The scale is based on the assessment of violence along three dimensions: scope, intensity, and range. Scope is the type of violence carried out by the state, Intensity refers to the frequency at which the state employs a given type of violence, and Range is the portion of the population targeted for abuse (can also be thought of as the selectivity of violence).

===Coders===
The principle researchers consist of professors from several universities.
- Mark Gibney - Belk Distinguished Professor of Political Science at the University of North Carolina at Asheville.
- Linda Cornett - Chair and Professor of Political Science at the University of North Carolina at Asheville.
- Reed Wood - Assistant Professor of the School of Politics and Global Studies at Arizona State University.
- Peter Haschke - Assistant Professor of Political Science at the University of North Carolina at Asheville.
- Daniel Arnon - Assistant Professor of the School of Government and Public Policy at The University of Arizona.

Coding is also supplemented by undergraduate and graduate students from several universities. Research assistants for the 2012-2013 year are: Daniel Arnon, Gray Barrett, Minori Hinds, and Kelsey Tavares of the University of North Carolina at Asheville, Alexander Liffiton and Rachel Olson of Arizona State University, Max Scott of the London School of Economics, and Shea Streeter, a recent graduate of the University of Notre Dame.

===Process===
The data for each country is analyzed by at least two senior coders and undergraduate assistants. Each nation receives two scores - one from the State Department's report and one from Amnesty International's report. Coders agree with each other regarding a country's score at a rate of roughly 85%. If coders cannot come to an agreement than a third coder will settle the dispute. Due to the contextual nature of the source data, coding is highly subjective, and coders are instructed to ignore their own personal biases or knowledge when determining a country's score. Coders are also instructed to give countries the benefit of any doubt when scoring. If a coder cannot decide between two numbers, they are instructed to use the lower number when scoring.

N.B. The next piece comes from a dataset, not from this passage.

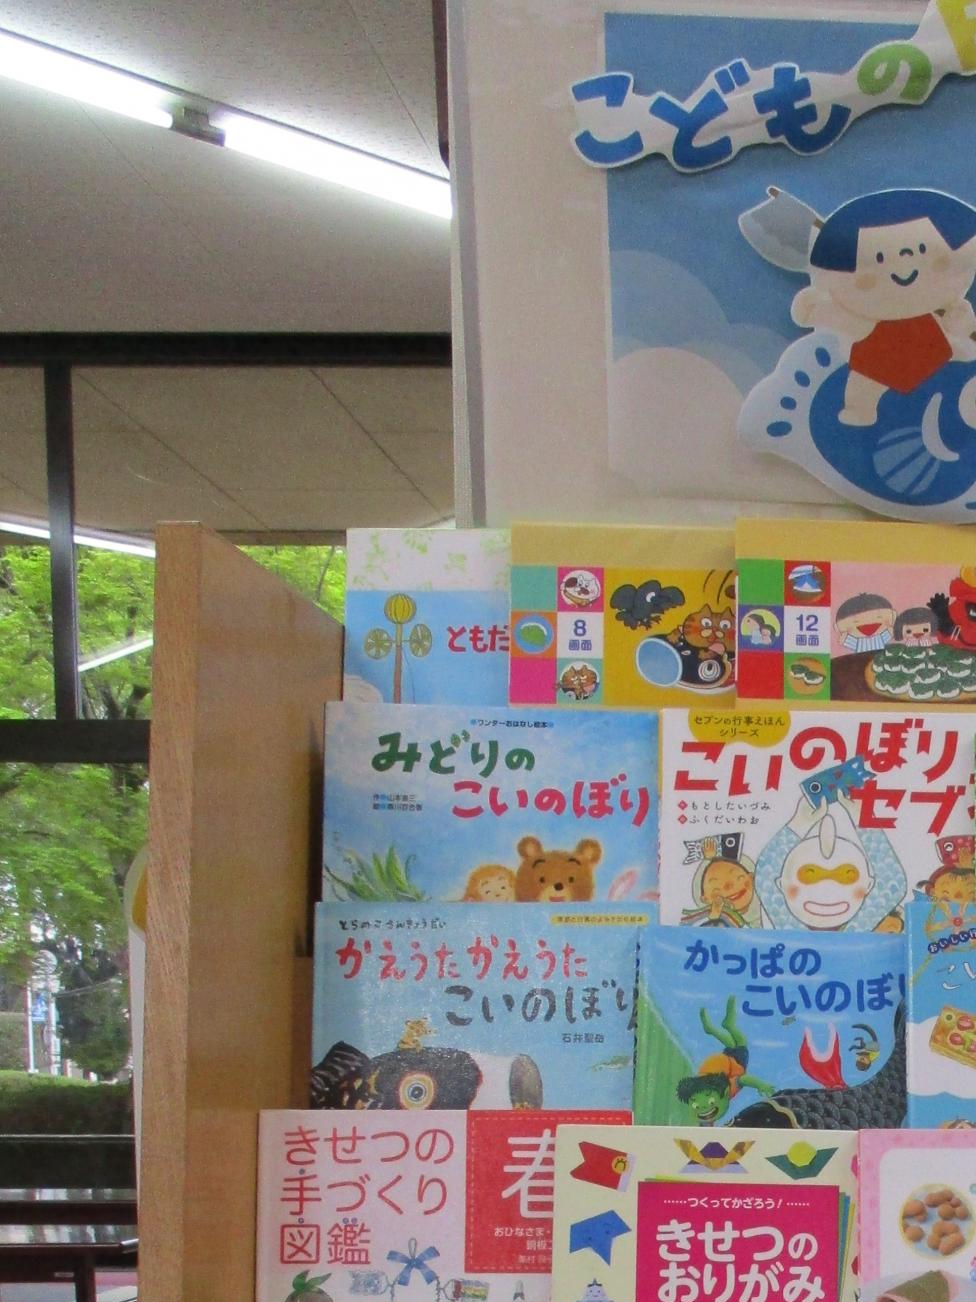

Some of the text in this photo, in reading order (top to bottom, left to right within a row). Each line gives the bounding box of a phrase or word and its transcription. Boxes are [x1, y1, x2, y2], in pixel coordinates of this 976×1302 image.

===Challenges and examples===
The Political Terror Scale only measures acts of political terror inflicted by the state. Due to this fact, it may be difficult to score countries when it is not immediately clear which groups are committing acts of violence. Colombia is a perfect example of this dilemma, as although overall violence has decreased since 2000, violence from local militias and paramilitary groups has continued at a relatively stable rate. Although the government has attempted to mitigate the violence, certain actors within the government have either allowed the violence to continue or contributed to it in some way. Therefore, Colombia's score reflects the close level of involvement between government and private actors.

Another challenge is that the Political Terror Scale only measures actual violations of physical or integrity rights or acts of violence and therefore countries ruled by truly repressive and coercive regimes may receive low scores. Nations who are successful at oppressing their citizens or who have committed acts of violence in the past to deter resistance generally do not have to commit many acts of violence in order to maintain control. For example, the former USSR would score low on the Political Terror Scale and that score would not reflect the overall level of oppression present in that society.